ACTIVITY:
Every record must be retyped exactly as it reads.

>>

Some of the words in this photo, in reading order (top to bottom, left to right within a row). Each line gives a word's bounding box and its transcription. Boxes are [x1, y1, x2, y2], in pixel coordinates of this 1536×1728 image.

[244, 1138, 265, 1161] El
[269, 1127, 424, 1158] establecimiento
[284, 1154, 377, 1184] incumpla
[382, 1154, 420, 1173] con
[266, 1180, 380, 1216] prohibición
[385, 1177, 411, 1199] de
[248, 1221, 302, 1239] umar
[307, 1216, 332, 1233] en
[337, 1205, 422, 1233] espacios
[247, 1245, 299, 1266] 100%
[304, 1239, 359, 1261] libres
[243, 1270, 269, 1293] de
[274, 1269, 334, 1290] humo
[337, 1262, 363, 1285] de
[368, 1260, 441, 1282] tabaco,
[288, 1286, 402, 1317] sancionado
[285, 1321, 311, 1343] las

<<

RESULT BELOW:
Some of the words in this photo, in reading order (top to bottom, left to right within a row). Each line gives a word's bounding box and its transcription. Boxes are [x1, y1, x2, y2], in pixel coordinates of this 1536×1728 image.

[244, 1138, 265, 1161] El
[269, 1127, 424, 1158] establecimiento
[284, 1154, 377, 1184] incumpla
[382, 1154, 420, 1173] con
[266, 1180, 380, 1216] prohibición
[385, 1177, 411, 1199] de
[248, 1221, 302, 1239] umar
[307, 1216, 332, 1233] en
[337, 1205, 422, 1233] espacios
[247, 1245, 299, 1266] 100%
[304, 1239, 359, 1261] libres
[243, 1270, 269, 1293] de
[274, 1269, 334, 1290] humo
[337, 1262, 363, 1285] de
[368, 1260, 441, 1282] tabaco,
[288, 1286, 402, 1317] sancionado
[285, 1321, 311, 1343] las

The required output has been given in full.